The removal of one pharmacy chain from the network has not created or contributed to network access issues, Aetna says.

Susan Morse, Managing Editor

As of December 1, Aetna dropped CVS competitor Walgreens from its Illinois Medicaid plan. 

Aetna's decision to exclude the Walgreens chain from its Aetna Better Health of Illinois pharmacy network affects about 400,000 residents in the state, according to the Chicago Tribune. Many in this population are poor, unemployed and disproportionately suffering from COVID-19.

Nearly 2,000 pharmacies participate in Aetna's Better Health of Illinois network, Aetna Medicaid said by statement, including other national pharmacy chains such as Walmart, regional chains such as Osco and many independent pharmacies. 

In Chicago, there are 271 in-network pharmacies with an average distance to these locations of half a mile, Aetna said. 

"The removal of one pharmacy chain from the network earlier this month has not created or contributed to network access issues, and we meet or exceed all of the state's access requirements for managed care organizations," Aetna said. "In fact, the Illinois Department of Healthcare and Family Services has reviewed our updated network and determined it promotes equity."

Aetna said it has worked with its pharmacy partners to offer and expand coverage of 90-day prescriptions through mail order, offer free delivery to members across the state and empower pharmacists to allow early medication refills where situationally appropriate.

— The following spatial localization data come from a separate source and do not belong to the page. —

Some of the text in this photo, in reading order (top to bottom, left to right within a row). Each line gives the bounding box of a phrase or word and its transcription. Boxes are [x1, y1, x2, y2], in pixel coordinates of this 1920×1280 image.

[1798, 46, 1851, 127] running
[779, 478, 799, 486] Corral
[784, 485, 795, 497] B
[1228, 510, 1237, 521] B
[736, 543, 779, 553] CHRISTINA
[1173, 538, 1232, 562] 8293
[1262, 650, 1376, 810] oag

In November 2018, the $69 billion merger for CVS Health to acquire Aetna closed.

Aetna has given no reason for its decision to exclude Walgreens, leaving critics to fill in the blank that eliminating a large competitor from its network would be the motivating factor.

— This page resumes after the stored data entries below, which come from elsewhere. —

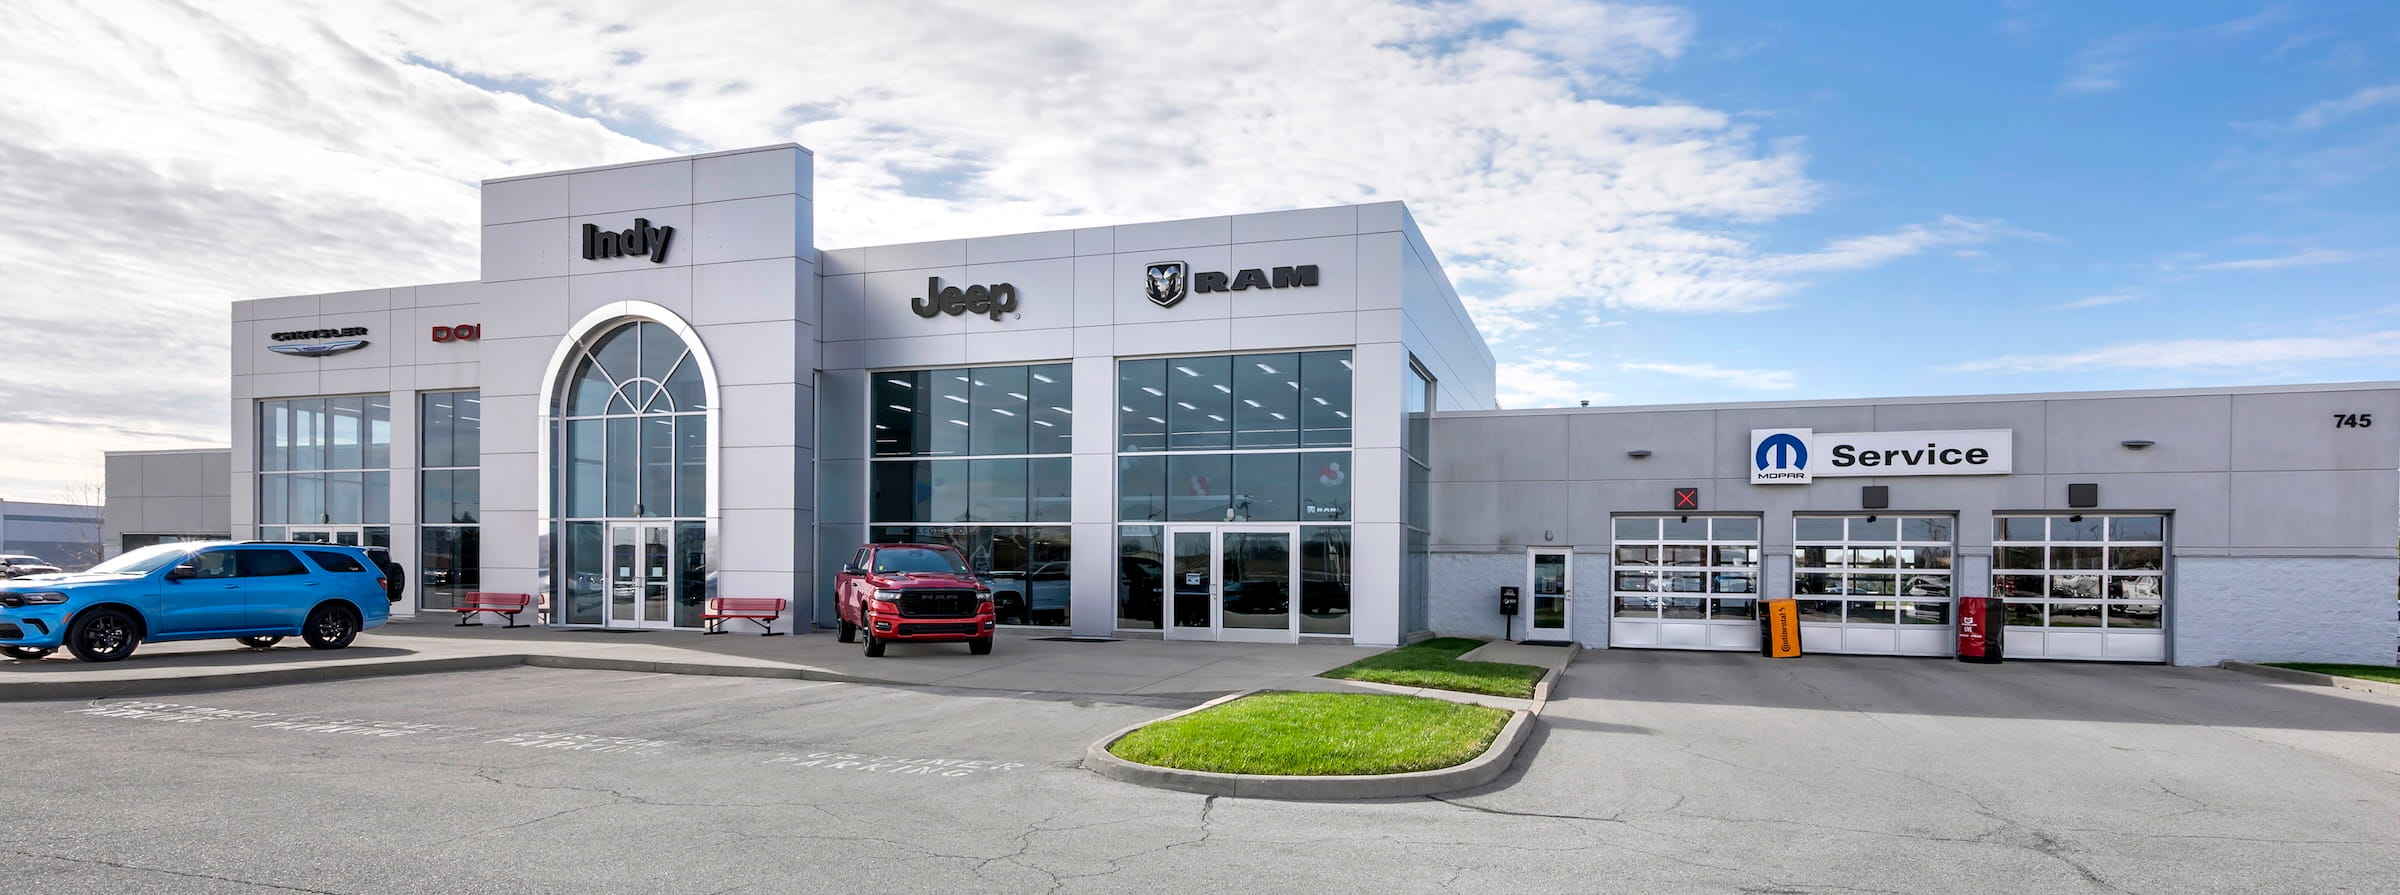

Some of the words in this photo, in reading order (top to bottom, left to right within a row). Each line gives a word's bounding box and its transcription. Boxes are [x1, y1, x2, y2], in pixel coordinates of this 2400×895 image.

[583, 218, 675, 263] Indy
[1194, 265, 1319, 293] RAM
[911, 276, 1018, 321] Jeep
[432, 324, 481, 342] DO
[2333, 414, 2372, 428] 745
[1832, 444, 1989, 467] Service
[760, 757, 976, 777] PARKING
[777, 752, 1025, 770] USTOMER

In 2019, CVS Health topped a Becker's Hospital Review list of the nation's largest pharmacies, which were ranked by total prescription revenue. CVS was followed by Walgreens, Cigna\Express Scripts, UnitedHealth Group's OptumRx and Walmart. 


In 2018, the Tribune reported that pharmacy access was a growing concern in Chicago. Some public health experts said that more than a dozen low-income neighborhoods, mostly on the South and West sides of Chicago, were becoming pharmacy deserts.

Providers have increasingly been addressing the social determinants of health for patients as it has become clear that SDOH issues such as food and housing insecurity, transportation and isolation have as much influence on health as clinical concerns. 

RWJBarnabas Health recently launched a social determinants of health program called Health Beyond the Hospital in collaboration with NowPow and ConsejoSano, in order to refer and connect patients to community-based services.